Maurice Tarplin was the man behind the mysterious voice. Taking us for a ride though the sinister and supernatural was his forte. Tarplin was so good at it, he also did another series that was very similar (but only 15 minutes long) called The Strange Dr. Weird. There was always a jovial undercurrent to his voice. It was obvious that he knew he was giving us the creeps and enjoyed it. And then there was the way he almost always cut off his tale right in the middle of a juicy detail. "If you think that's terrible, I should tell you about another murderer, a man who killed his wife by -- oh, you have to get off here. I'm sorry." Ostensively, it was because the train was pulling into our stop and we were about to exit, but it was really because he knew how to keep us in suspense for another week. Tarplin realized the best way to keep the audience returning was to never quite satisfy them, bur rather, to keep them hungry for more. And he sure shoveled out a lot of murder and suspense to his starving fans.

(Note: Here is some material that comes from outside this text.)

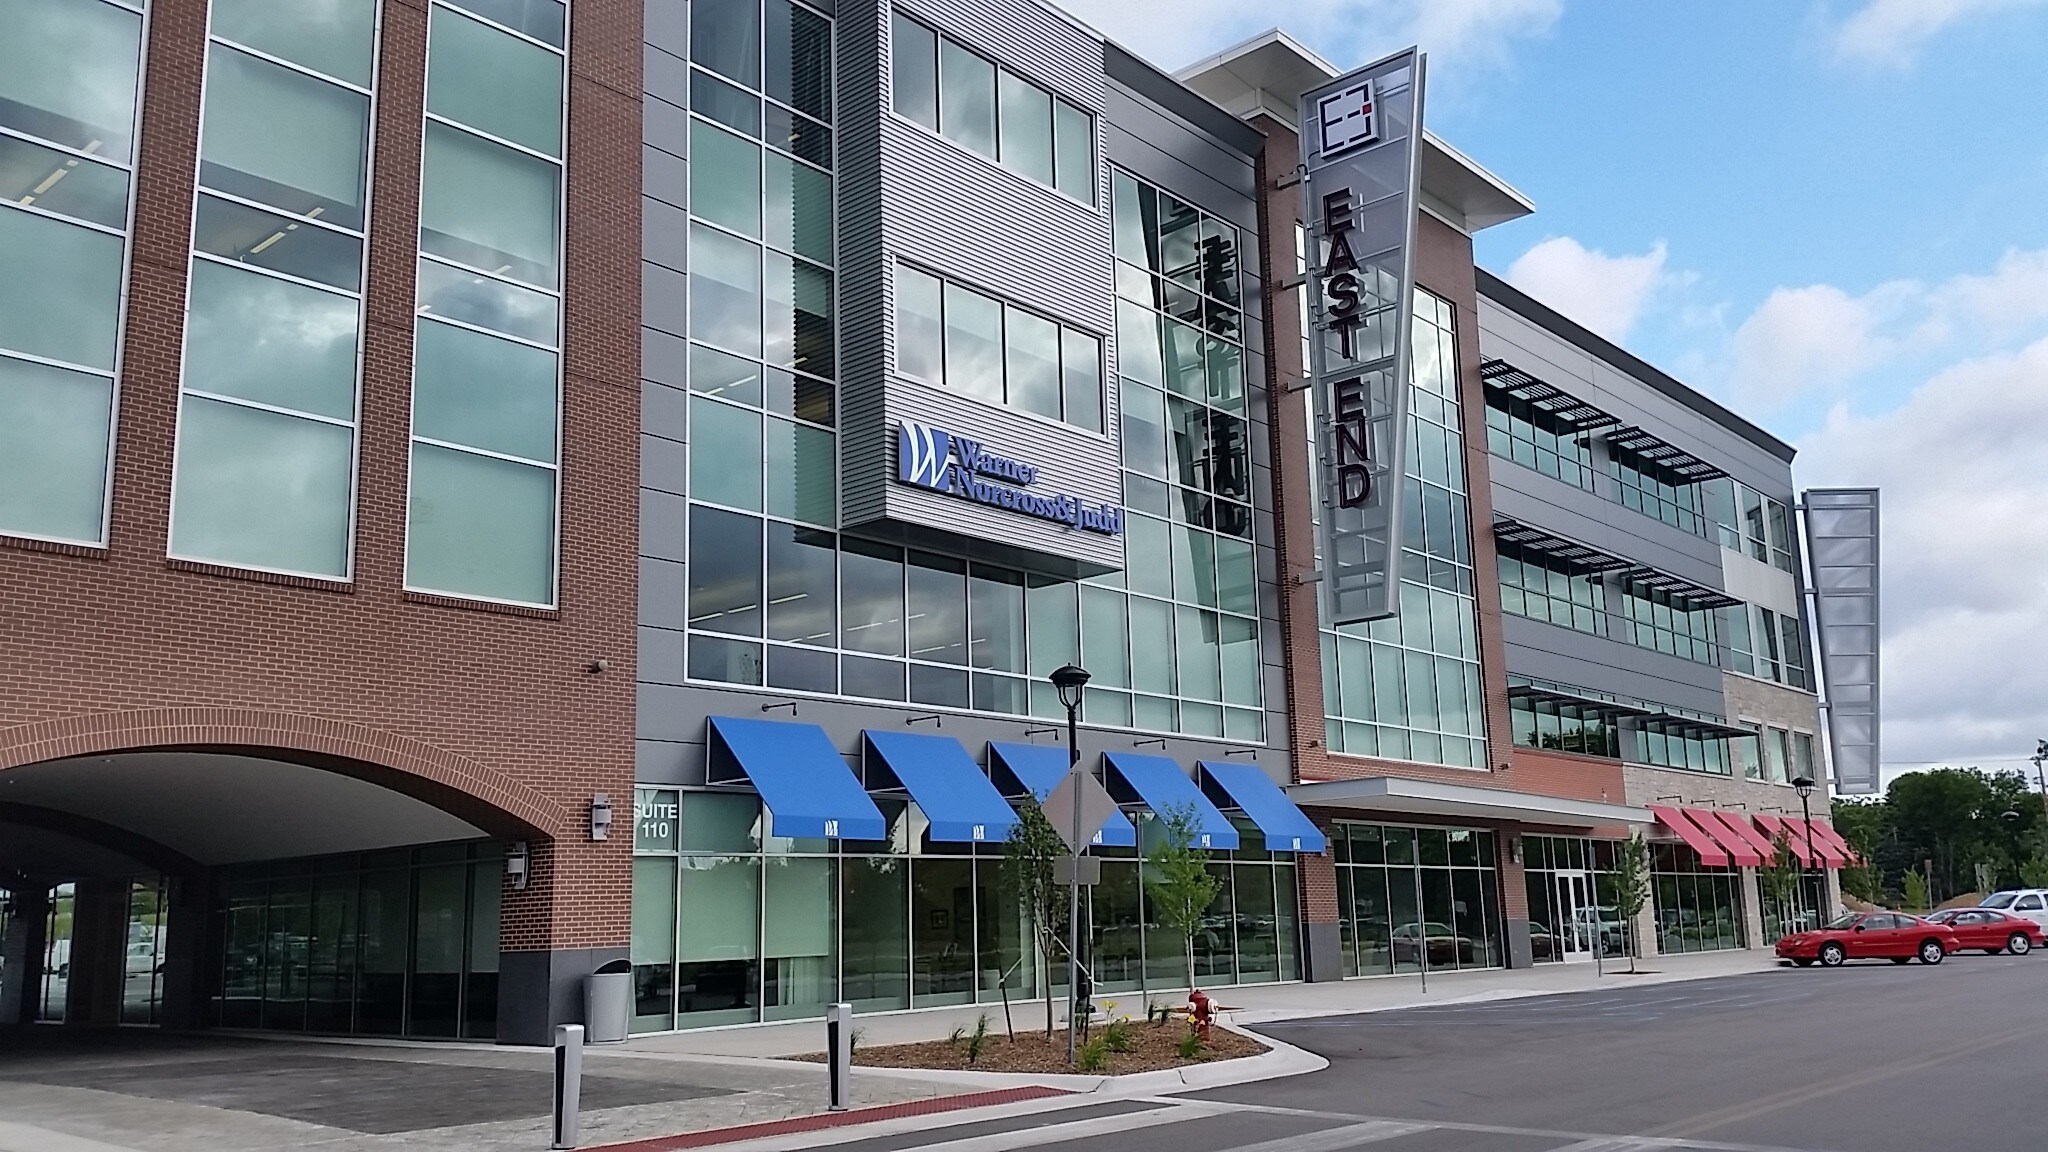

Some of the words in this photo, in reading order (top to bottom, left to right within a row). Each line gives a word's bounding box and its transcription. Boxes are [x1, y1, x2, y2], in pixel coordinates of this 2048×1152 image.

In the earlier episodes, Tarplin would insert himself into the story with small roles. ("Back when I was practicing medicine...") Thanks to these cameo appearances, we know the name of our traveling companion was Dr. Smith.

The series was written by Robert Arthur and David Kogan, who later recycled their scripts for use in The Sealed Book (as well as The Strange Dr. Weird). Unfortunately, both writers were activist members of the Radio Writer's Guild, which in 1953, was deemed to be a communist front group by the House Committee for Un-American Activities (HUAC). As a consequence, the Mutual Network was pressured by advertisers and WOR affiliates to drop The Mysterious Traveler series, and basically end Arthur and Kogan's radio writing career. (Digital Deli Too).

Some writers feel the bipartisan HUAC's real goal was union busting, and that there was really no communist threat at all. However, the FBI had by that time obtained documents from other unions showing direct involvement with Soviet agents, and Hollywood elites were prized targets of communist grooming, having been courted successfully by Soviet undercover agents like Otto Katz during the Depression, World War II and beyond. Realistically, the Soviet NKVD would have been foolish if they had not influenced Hollywood insiders to promote the Red agenda, and what better way to try and do that than to infiltrate the unions of Hollywood's writers?

Regardless of which version of history you believe (both are presented here in the interest of fairness), neither version proves any knowing involvement by Arthur and Kogan in communist shenanigans. They were, in essence, presumed guilty by association. Collateral damage in war is common-- even in a cold war. But expelling two of radio's most prolific mystery and horror writers was a big loss to the art form, whatever the reason.

The Mysterious Traveler wasn't restricted just to radio. There was also a Mysterious Traveler mystery magazine. It is doubtful the printed word could have competed with Tarplin's sinister voice characterizations, but the graphic artwork on the covers and the direct association with the long running radio series were certainly a big advertising advantage. Vintage copies of the pulp magazine are still popular today, as are The Mysterious Traveler comic books, which were another popular spin-off item.

There was also a Mysterious Traveler TV show (Grams, 2000, 336), but like other radio horror shows that tried their hand at television or film (Inner Sanctum, Lights Out), it wasn't as frightening or successful. It would be difficult (if not impossible) for anything on the screen to generate the same level of horror created by your own imagination listening to a good, scary radio drama.

Although nearly 280 of the 370 recorded episodes of the radio series have been lost to the ages, The Mysterious Traveler remains one of the best remembered characters in radio's horror history, right up there with The Whistler and Inner Sanctum's Raymond.

A recording session for The Mysterious Traveler. Left to right: Jack Amerine (sound), Bill Zuckert, Lon Clark, Roger DeKoven, Ed Bergly, Maurice Tarplin (closest to mic), Jim Wallinton, and Jackson Beck.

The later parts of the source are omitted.